■ YOUR GOAL ■
Without leaving anything out, print every line of the data.
** RECORD SET follows **
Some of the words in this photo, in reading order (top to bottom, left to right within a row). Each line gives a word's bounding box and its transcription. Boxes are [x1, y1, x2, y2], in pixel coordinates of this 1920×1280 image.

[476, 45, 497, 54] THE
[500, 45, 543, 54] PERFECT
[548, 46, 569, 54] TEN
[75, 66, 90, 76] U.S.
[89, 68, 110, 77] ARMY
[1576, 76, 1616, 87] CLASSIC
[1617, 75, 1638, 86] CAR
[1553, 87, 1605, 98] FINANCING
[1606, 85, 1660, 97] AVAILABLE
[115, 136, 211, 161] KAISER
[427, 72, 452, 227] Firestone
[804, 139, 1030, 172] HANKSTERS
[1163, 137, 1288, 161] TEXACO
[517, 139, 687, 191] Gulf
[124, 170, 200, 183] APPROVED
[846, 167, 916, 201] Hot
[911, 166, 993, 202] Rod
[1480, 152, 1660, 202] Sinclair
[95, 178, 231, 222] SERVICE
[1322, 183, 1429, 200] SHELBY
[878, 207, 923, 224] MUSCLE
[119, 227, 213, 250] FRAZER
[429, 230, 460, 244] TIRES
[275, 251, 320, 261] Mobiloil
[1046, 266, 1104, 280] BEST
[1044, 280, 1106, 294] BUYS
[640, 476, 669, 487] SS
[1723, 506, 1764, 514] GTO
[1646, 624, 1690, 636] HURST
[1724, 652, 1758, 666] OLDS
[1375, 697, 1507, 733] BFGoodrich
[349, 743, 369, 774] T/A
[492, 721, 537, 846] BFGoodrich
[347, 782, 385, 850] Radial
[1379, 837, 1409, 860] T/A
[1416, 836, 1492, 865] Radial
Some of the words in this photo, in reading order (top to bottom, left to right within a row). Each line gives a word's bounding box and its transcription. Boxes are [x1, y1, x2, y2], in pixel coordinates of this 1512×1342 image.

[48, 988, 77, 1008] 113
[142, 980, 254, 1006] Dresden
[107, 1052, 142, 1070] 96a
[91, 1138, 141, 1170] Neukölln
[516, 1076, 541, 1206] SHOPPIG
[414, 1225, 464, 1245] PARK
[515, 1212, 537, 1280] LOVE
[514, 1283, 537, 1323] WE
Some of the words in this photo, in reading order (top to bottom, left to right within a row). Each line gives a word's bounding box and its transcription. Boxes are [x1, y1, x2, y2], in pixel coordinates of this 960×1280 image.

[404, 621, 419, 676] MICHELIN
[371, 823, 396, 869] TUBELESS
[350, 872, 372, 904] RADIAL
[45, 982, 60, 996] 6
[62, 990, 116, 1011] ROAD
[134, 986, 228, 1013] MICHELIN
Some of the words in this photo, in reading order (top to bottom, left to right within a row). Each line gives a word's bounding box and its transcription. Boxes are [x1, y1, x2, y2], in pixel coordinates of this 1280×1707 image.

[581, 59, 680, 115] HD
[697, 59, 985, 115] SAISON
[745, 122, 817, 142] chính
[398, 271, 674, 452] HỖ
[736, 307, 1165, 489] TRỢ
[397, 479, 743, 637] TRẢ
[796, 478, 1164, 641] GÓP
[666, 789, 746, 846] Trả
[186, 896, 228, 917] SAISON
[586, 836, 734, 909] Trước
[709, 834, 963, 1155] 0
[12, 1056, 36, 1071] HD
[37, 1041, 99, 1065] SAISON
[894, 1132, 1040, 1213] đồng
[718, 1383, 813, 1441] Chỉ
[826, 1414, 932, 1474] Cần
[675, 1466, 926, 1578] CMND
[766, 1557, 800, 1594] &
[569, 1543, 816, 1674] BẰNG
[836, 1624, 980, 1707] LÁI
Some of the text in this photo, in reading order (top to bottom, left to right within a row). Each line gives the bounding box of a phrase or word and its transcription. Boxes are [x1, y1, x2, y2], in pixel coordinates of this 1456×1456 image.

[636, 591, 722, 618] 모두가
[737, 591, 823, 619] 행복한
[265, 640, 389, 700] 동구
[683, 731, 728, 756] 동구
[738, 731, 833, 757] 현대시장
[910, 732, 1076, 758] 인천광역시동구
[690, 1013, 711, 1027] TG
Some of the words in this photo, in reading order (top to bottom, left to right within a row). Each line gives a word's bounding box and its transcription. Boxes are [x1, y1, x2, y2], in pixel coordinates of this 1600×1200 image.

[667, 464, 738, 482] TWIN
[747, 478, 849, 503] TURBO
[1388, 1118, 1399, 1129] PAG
** End of RECORD SET **
■ REPLY ■
Some of the words in this photo, in reading order (top to bottom, left to right within a row). Each line gives a word's bounding box and its transcription. Boxes are [x1, y1, x2, y2], in pixel coordinates of this 1920×1280 image.

[476, 45, 497, 54] THE
[500, 45, 543, 54] PERFECT
[548, 46, 569, 54] TEN
[75, 66, 90, 76] U.S.
[89, 68, 110, 77] ARMY
[1576, 76, 1616, 87] CLASSIC
[1617, 75, 1638, 86] CAR
[1553, 87, 1605, 98] FINANCING
[1606, 85, 1660, 97] AVAILABLE
[115, 136, 211, 161] KAISER
[427, 72, 452, 227] Firestone
[804, 139, 1030, 172] HANKSTERS
[1163, 137, 1288, 161] TEXACO
[517, 139, 687, 191] Gulf
[124, 170, 200, 183] APPROVED
[846, 167, 916, 201] Hot
[911, 166, 993, 202] Rod
[1480, 152, 1660, 202] Sinclair
[95, 178, 231, 222] SERVICE
[1322, 183, 1429, 200] SHELBY
[878, 207, 923, 224] MUSCLE
[119, 227, 213, 250] FRAZER
[429, 230, 460, 244] TIRES
[275, 251, 320, 261] Mobiloil
[1046, 266, 1104, 280] BEST
[1044, 280, 1106, 294] BUYS
[640, 476, 669, 487] SS
[1723, 506, 1764, 514] GTO
[1646, 624, 1690, 636] HURST
[1724, 652, 1758, 666] OLDS
[1375, 697, 1507, 733] BFGoodrich
[349, 743, 369, 774] T/A
[492, 721, 537, 846] BFGoodrich
[347, 782, 385, 850] Radial
[1379, 837, 1409, 860] T/A
[1416, 836, 1492, 865] Radial
Some of the words in this photo, in reading order (top to bottom, left to right within a row). Each line gives a word's bounding box and its transcription. Boxes are [x1, y1, x2, y2], in pixel coordinates of this 1512×1342 image.

[48, 988, 77, 1008] 113
[142, 980, 254, 1006] Dresden
[107, 1052, 142, 1070] 96a
[91, 1138, 141, 1170] Neukölln
[516, 1076, 541, 1206] SHOPPIG
[414, 1225, 464, 1245] PARK
[515, 1212, 537, 1280] LOVE
[514, 1283, 537, 1323] WE
Some of the words in this photo, in reading order (top to bottom, left to right within a row). Each line gives a word's bounding box and its transcription. Boxes are [x1, y1, x2, y2], in pixel coordinates of this 960×1280 image.

[404, 621, 419, 676] MICHELIN
[371, 823, 396, 869] TUBELESS
[350, 872, 372, 904] RADIAL
[45, 982, 60, 996] 6
[62, 990, 116, 1011] ROAD
[134, 986, 228, 1013] MICHELIN
Some of the words in this photo, in reading order (top to bottom, left to right within a row). Each line gives a word's bounding box and its transcription. Boxes are [x1, y1, x2, y2], in pixel coordinates of this 1280×1707 image.

[581, 59, 680, 115] HD
[697, 59, 985, 115] SAISON
[745, 122, 817, 142] chính
[398, 271, 674, 452] HỖ
[736, 307, 1165, 489] TRỢ
[397, 479, 743, 637] TRẢ
[796, 478, 1164, 641] GÓP
[666, 789, 746, 846] Trả
[186, 896, 228, 917] SAISON
[586, 836, 734, 909] Trước
[709, 834, 963, 1155] 0
[12, 1056, 36, 1071] HD
[37, 1041, 99, 1065] SAISON
[894, 1132, 1040, 1213] đồng
[718, 1383, 813, 1441] Chỉ
[826, 1414, 932, 1474] Cần
[675, 1466, 926, 1578] CMND
[766, 1557, 800, 1594] &
[569, 1543, 816, 1674] BẰNG
[836, 1624, 980, 1707] LÁI
Some of the text in this photo, in reading order (top to bottom, left to right within a row). Each line gives the bounding box of a phrase or word and its transcription. Boxes are [x1, y1, x2, y2], in pixel coordinates of this 1456×1456 image.

[636, 591, 722, 618] 모두가
[737, 591, 823, 619] 행복한
[265, 640, 389, 700] 동구
[683, 731, 728, 756] 동구
[738, 731, 833, 757] 현대시장
[910, 732, 1076, 758] 인천광역시동구
[690, 1013, 711, 1027] TG
Some of the words in this photo, in reading order (top to bottom, left to right within a row). Each line gives a word's bounding box and its transcription. Boxes are [x1, y1, x2, y2], in pixel coordinates of this 1600×1200 image.

[667, 464, 738, 482] TWIN
[747, 478, 849, 503] TURBO
[1388, 1118, 1399, 1129] PAG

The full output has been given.